* _Study material_:
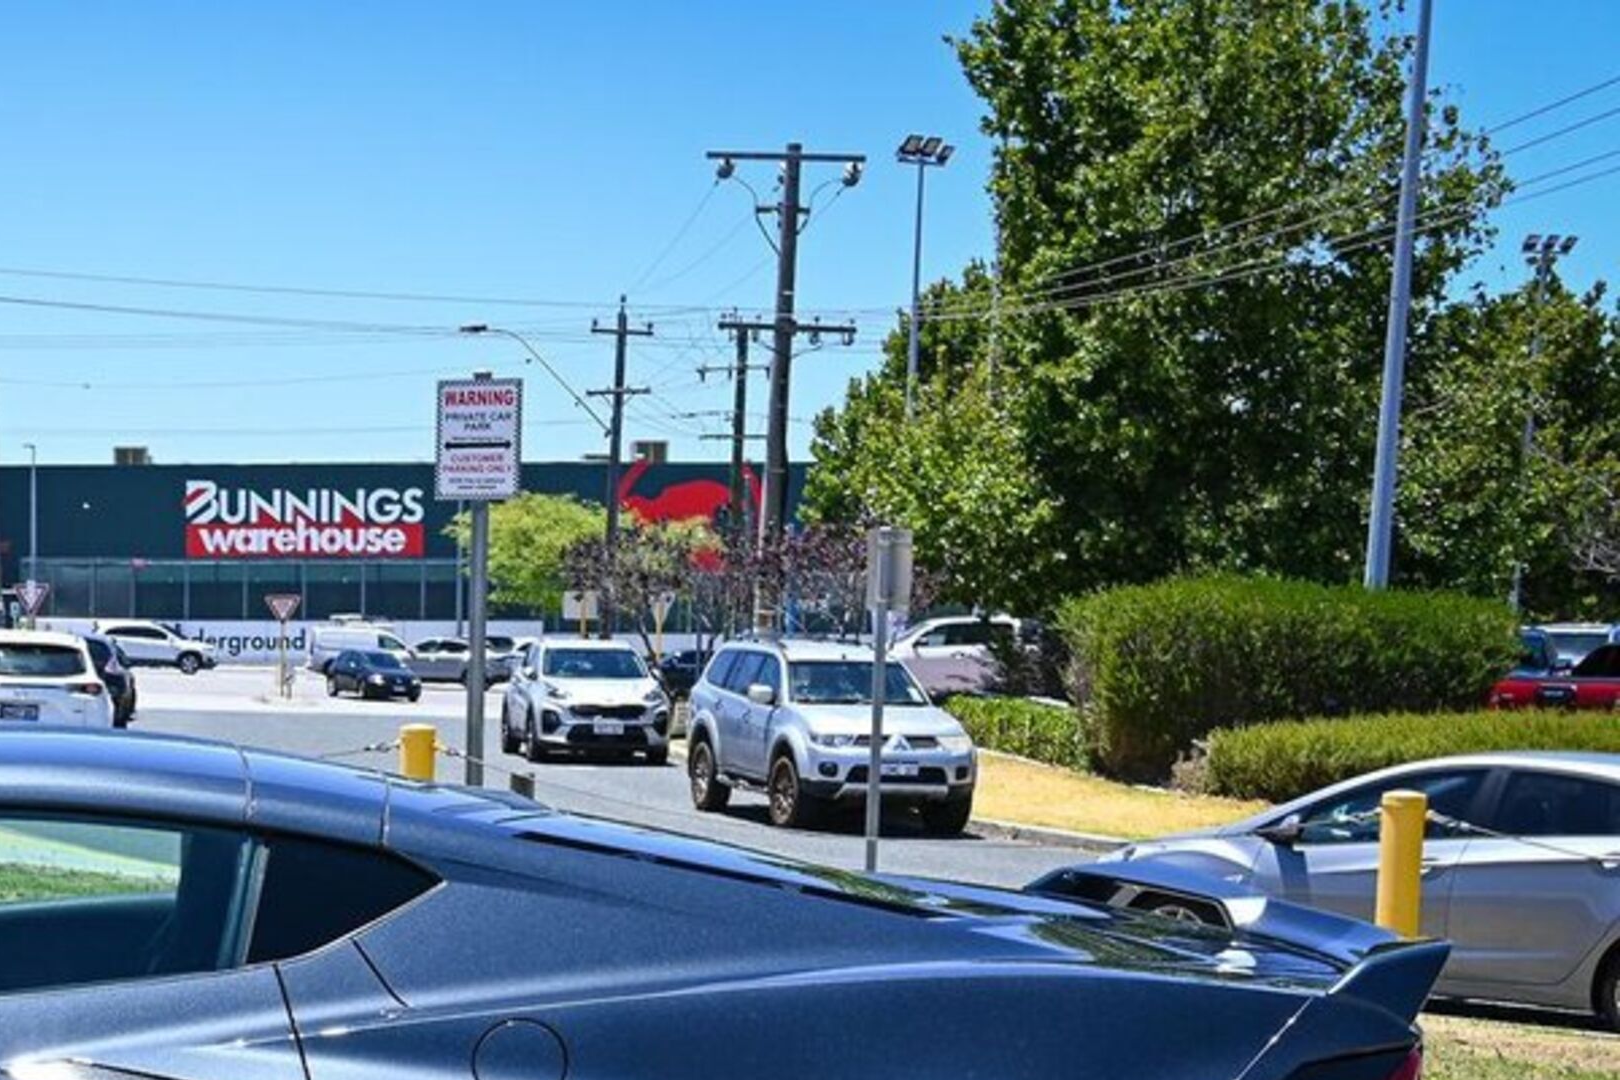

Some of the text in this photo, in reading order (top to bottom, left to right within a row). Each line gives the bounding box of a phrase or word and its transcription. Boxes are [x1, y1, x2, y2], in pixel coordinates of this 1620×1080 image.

[445, 389, 515, 406] WARNING
[445, 411, 512, 421] PRIVATE CAR
[464, 422, 491, 431] PARK
[184, 480, 424, 524] BUNNINGS
[198, 514, 407, 554] warehouse

* _Exercise aim_: Only the pictures may be dropped; print every record exactly as given.

* _Result of this exercise_:
Some of the text in this photo, in reading order (top to bottom, left to right within a row). Each line gives the bounding box of a phrase or word and its transcription. Boxes are [x1, y1, x2, y2], in pixel coordinates of this 1620×1080 image.

[445, 389, 515, 406] WARNING
[445, 411, 512, 421] PRIVATE CAR
[464, 422, 491, 431] PARK
[184, 480, 424, 524] BUNNINGS
[198, 514, 407, 554] warehouse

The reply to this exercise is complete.